The Student Union position is of course nothing new. It is the predominant post-modernist “Left” point of view that conflates Islam, Muslims and Islamists, homogenises the “Muslim community”, thinks believers are one and the same as the religious-Right and sides with the Islamist narrative against its many dissenters.
It is the “anti-colonialist” perspective which always unsurprisingly coincides with that of the ruling classes in the so-called “Islamic world” or “Muslim communities” — an understanding that is Eurocentric, patronising and racist.

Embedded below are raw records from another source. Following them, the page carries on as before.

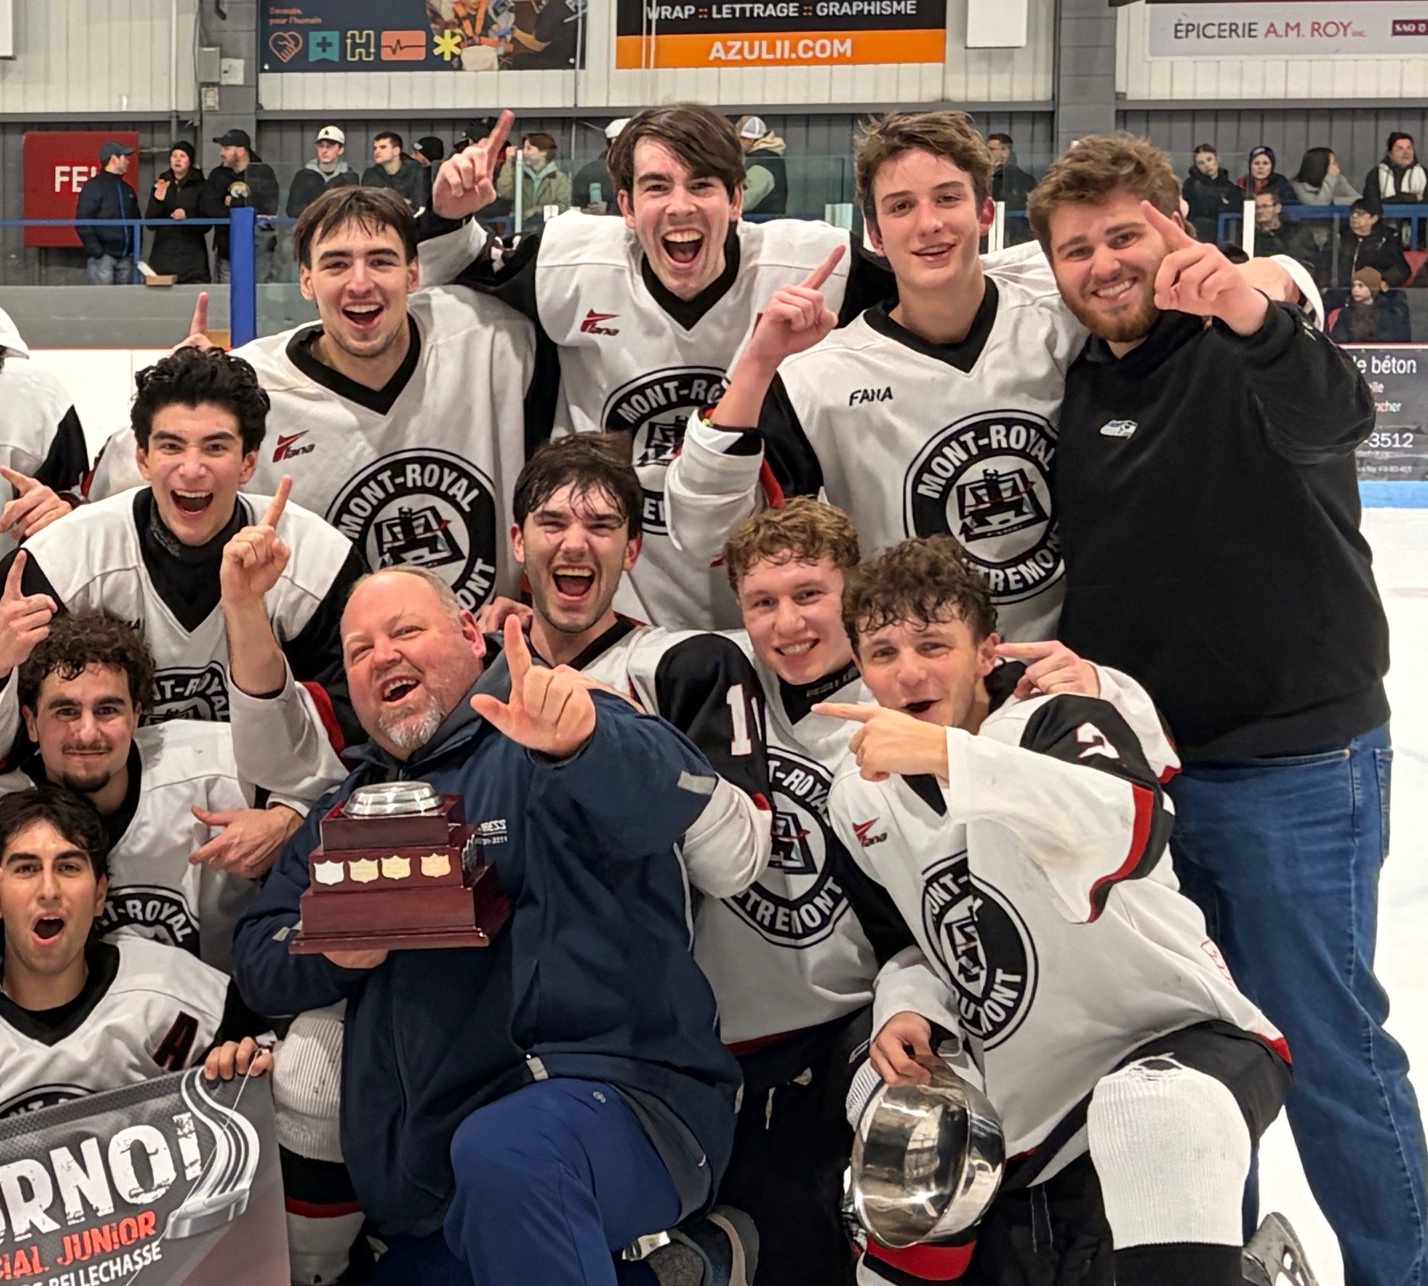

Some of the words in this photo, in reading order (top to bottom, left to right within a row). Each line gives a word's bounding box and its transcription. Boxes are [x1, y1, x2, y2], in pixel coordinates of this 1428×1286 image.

[647, 5, 695, 20] WRAP
[712, 3, 799, 18] LETTRAGE
[816, 0, 916, 15] GRAPHISME
[1174, 18, 1258, 39] ÉPICERIE
[1264, 22, 1305, 38] A.M.
[1311, 21, 1352, 38] ROY
[709, 38, 852, 61] AZULII.COM
[54, 166, 99, 193] FE
[1371, 354, 1418, 375] béton
[338, 463, 480, 540] MONT-ROYAL
[152, 1010, 199, 1072] A
[56, 1209, 157, 1265] JUNIOR
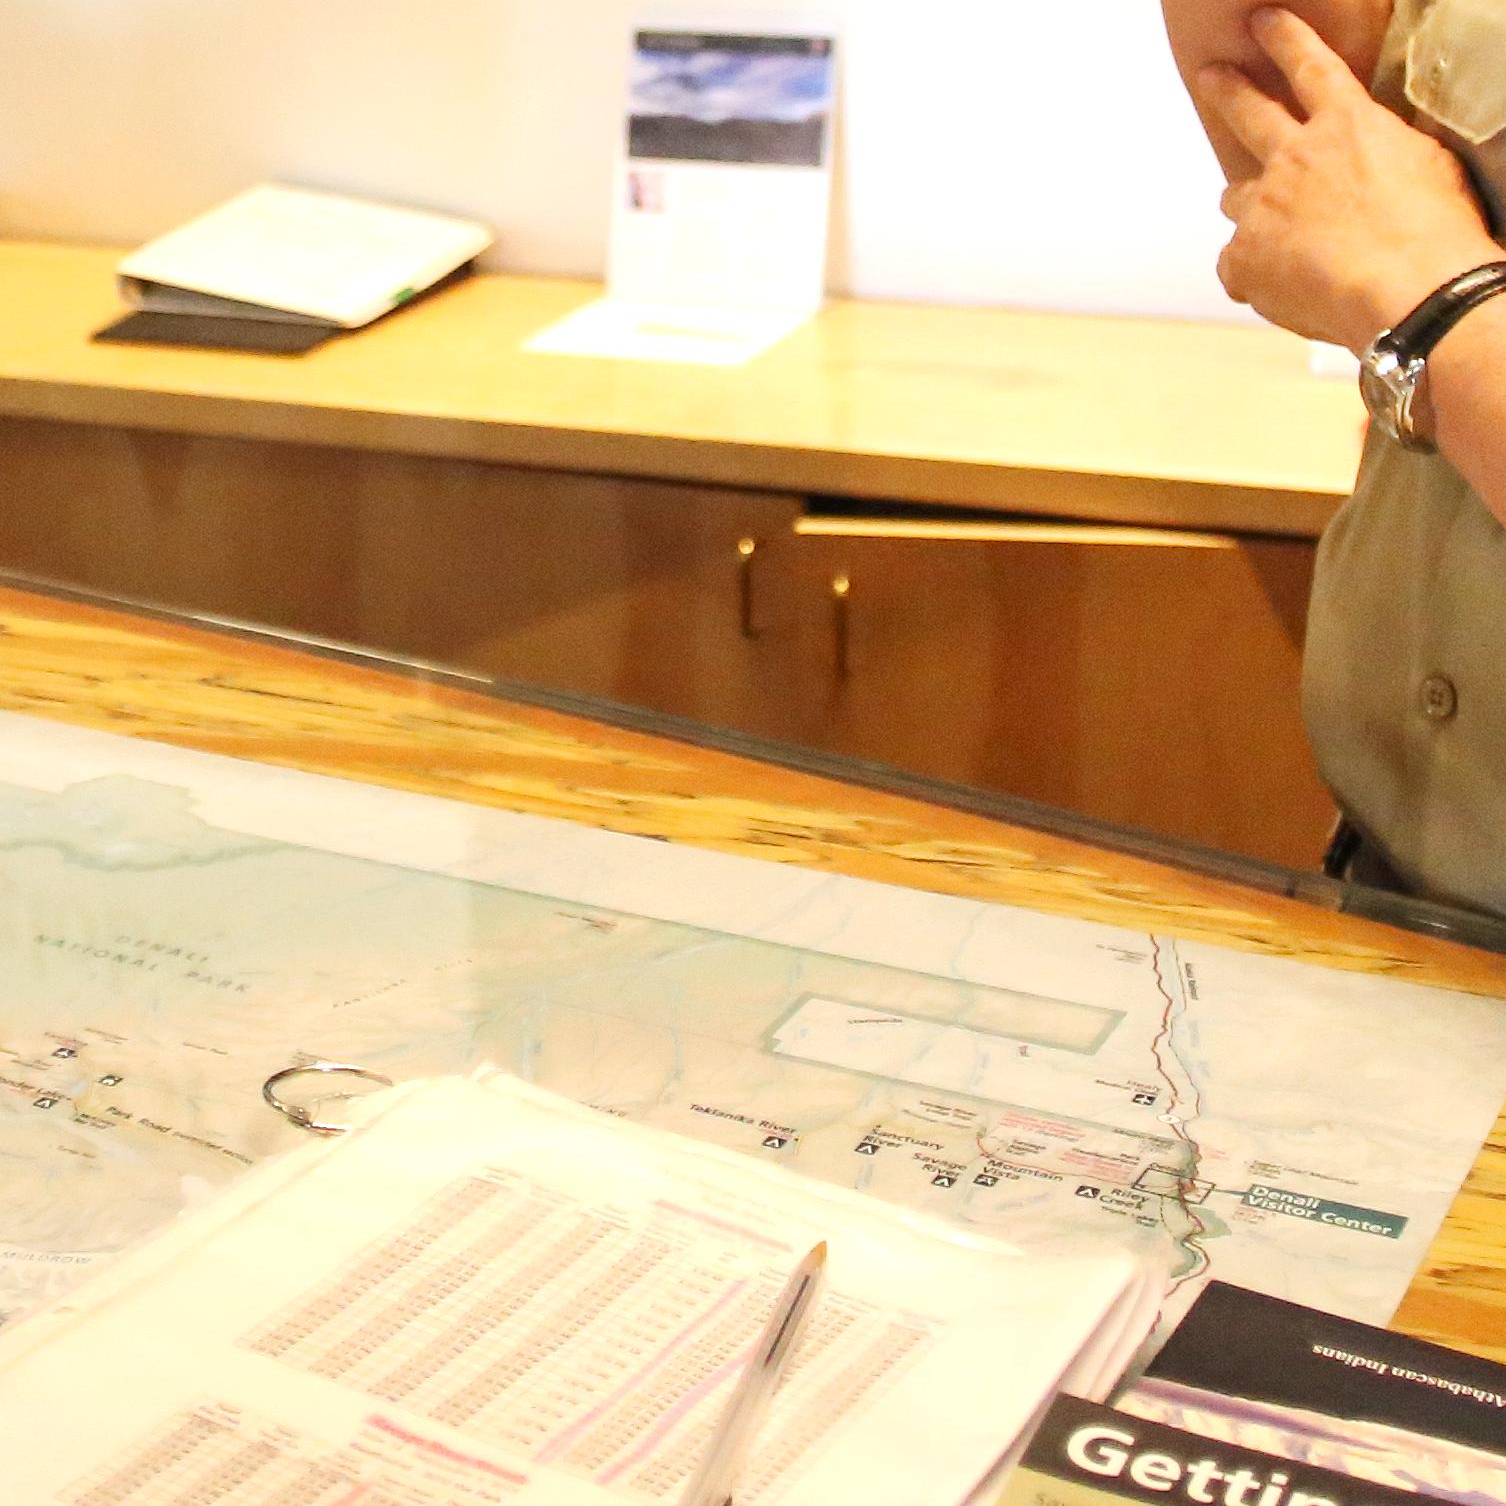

This type of politics denies universalism, sees rights as ‘western,’ justifies the suppression of women’s rights, freedoms and equality under the guise of respect for other ‘cultures’ imputing on innumerable people the most reactionary elements of culture and religion, which is that of the religious-Right. In this type of politics, the oppressor is victim, the oppressed are perpetrators of “hatred”, and any criticism is racist.
These sort of Lefties have one set of progressive politics for themselves — they want gay rights, equality for women and the right to criticise the pope and the Christian-Right, and another for us.
We are not worthy of the same rights and freedoms.
We can only make demands within the confines of religion and Islam. If we dissent, if we demand equality, if we demand to live our lives without the labels of “kafir” or “immoral” — and all that which they imply, then we are inciting hatred…
It’s a topsy turvy world when “progressives” who are meant to be on our side take a stand with our oppressors and try to deny us the only tool we have to resist — our freedom of expression.